Your instructions:
Please repeat the data below exactly, with the pictures removed.
= = = = =
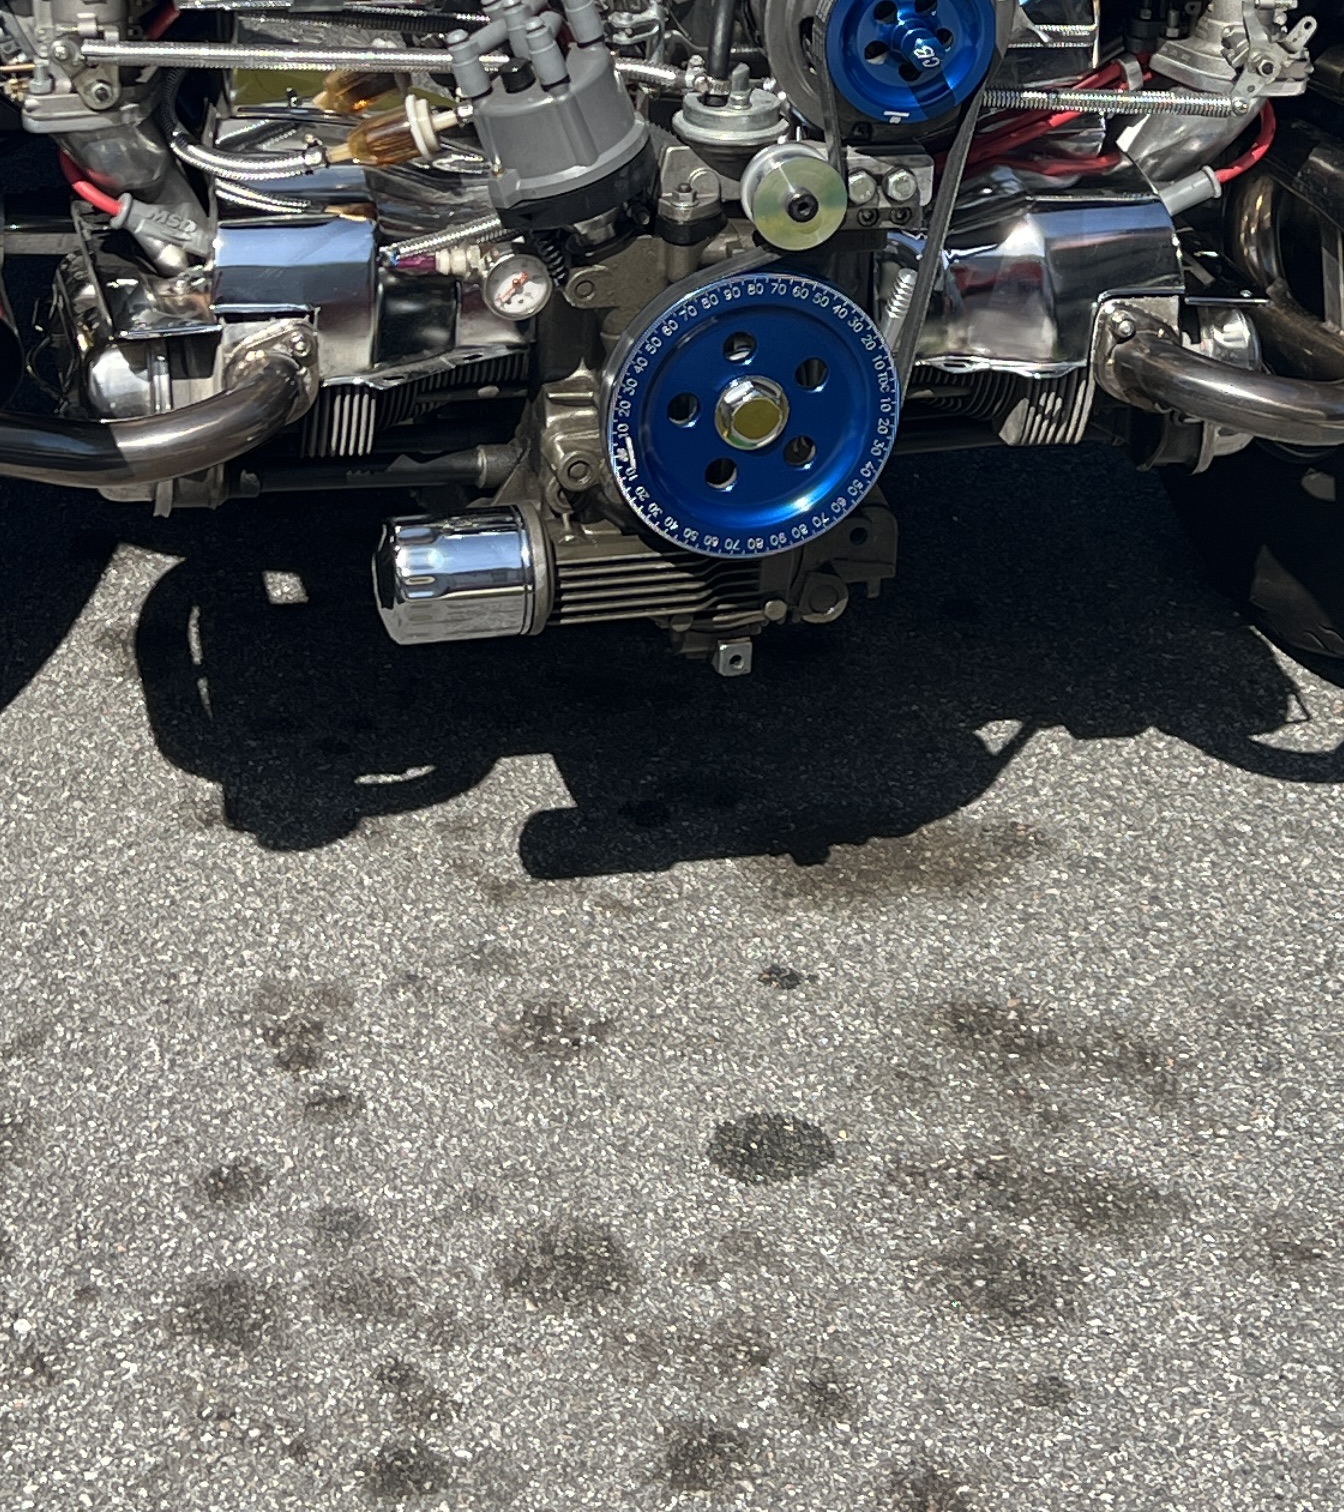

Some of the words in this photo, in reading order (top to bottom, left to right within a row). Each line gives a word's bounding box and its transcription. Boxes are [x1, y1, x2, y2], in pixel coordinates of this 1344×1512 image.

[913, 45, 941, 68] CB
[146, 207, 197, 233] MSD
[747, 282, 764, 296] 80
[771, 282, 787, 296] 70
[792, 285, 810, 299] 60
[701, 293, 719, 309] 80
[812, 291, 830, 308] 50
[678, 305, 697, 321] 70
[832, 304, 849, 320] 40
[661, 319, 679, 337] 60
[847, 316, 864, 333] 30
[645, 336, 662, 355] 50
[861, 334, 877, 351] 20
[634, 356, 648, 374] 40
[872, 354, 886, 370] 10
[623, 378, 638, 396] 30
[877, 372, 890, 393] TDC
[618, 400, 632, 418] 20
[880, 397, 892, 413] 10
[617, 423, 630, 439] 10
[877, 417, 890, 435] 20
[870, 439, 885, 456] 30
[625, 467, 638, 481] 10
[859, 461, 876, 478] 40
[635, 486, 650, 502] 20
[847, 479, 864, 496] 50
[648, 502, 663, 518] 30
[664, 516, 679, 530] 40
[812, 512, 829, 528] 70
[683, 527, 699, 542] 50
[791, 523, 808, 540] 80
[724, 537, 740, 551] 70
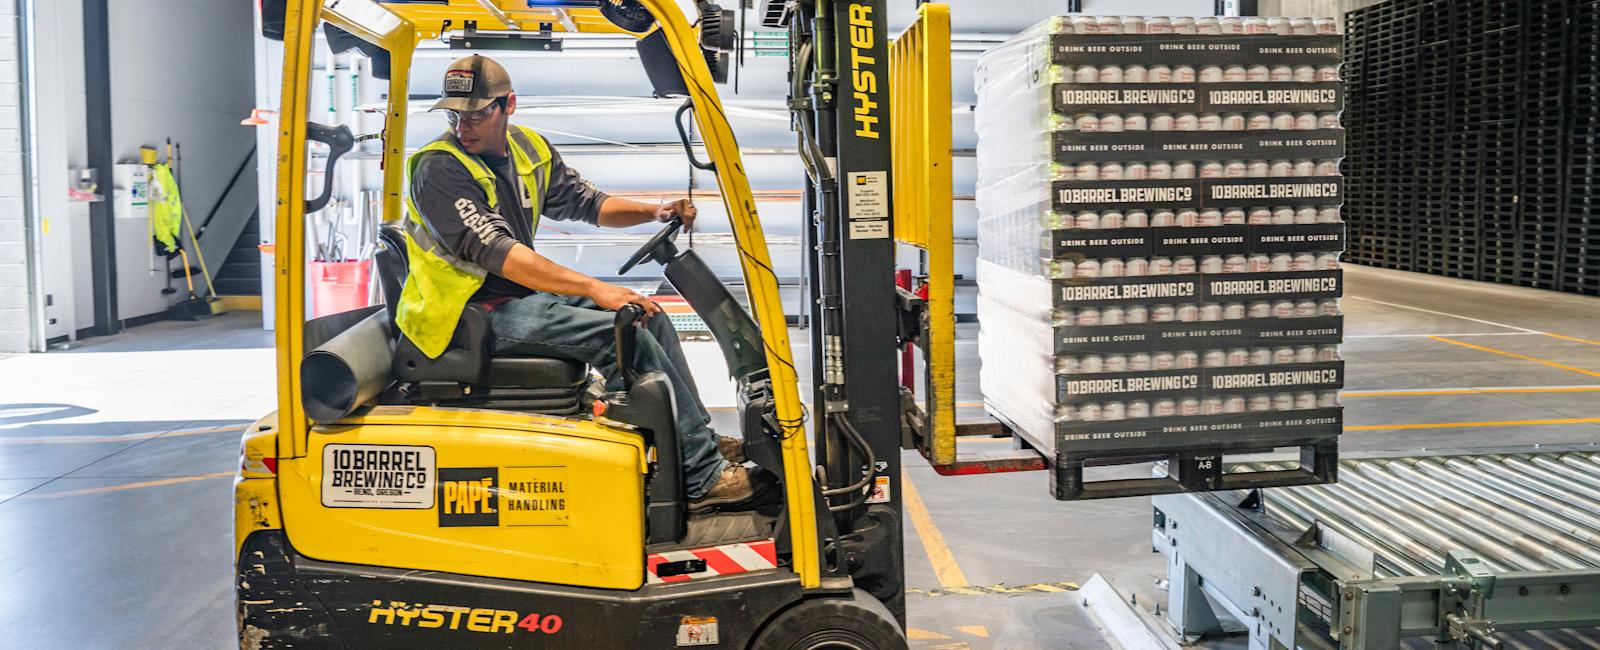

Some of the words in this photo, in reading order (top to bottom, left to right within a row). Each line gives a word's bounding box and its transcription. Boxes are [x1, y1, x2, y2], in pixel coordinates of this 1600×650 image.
= = = = =
Result of this exercise:
Some of the words in this photo, in reading order (top to bottom, left to right within a row). Each line gives a word's bounding box and its transcription. Boxes are [x1, y1, x2, y2], in pixel coordinates of this 1344×1512 image.

[913, 45, 941, 68] CB
[146, 207, 197, 233] MSD
[747, 282, 764, 296] 80
[771, 282, 787, 296] 70
[792, 285, 810, 299] 60
[701, 293, 719, 309] 80
[812, 291, 830, 308] 50
[678, 305, 697, 321] 70
[832, 304, 849, 320] 40
[661, 319, 679, 337] 60
[847, 316, 864, 333] 30
[645, 336, 662, 355] 50
[861, 334, 877, 351] 20
[634, 356, 648, 374] 40
[872, 354, 886, 370] 10
[623, 378, 638, 396] 30
[877, 372, 890, 393] TDC
[618, 400, 632, 418] 20
[880, 397, 892, 413] 10
[617, 423, 630, 439] 10
[877, 417, 890, 435] 20
[870, 439, 885, 456] 30
[625, 467, 638, 481] 10
[859, 461, 876, 478] 40
[635, 486, 650, 502] 20
[847, 479, 864, 496] 50
[648, 502, 663, 518] 30
[664, 516, 679, 530] 40
[812, 512, 829, 528] 70
[683, 527, 699, 542] 50
[791, 523, 808, 540] 80
[724, 537, 740, 551] 70

Some of the words in this photo, in reading order (top to bottom, left to right within a row). Each line gives a word's bounding box and its transcription. Boxes are [x1, y1, x2, y2], in pixel coordinates of this 1600×650 image.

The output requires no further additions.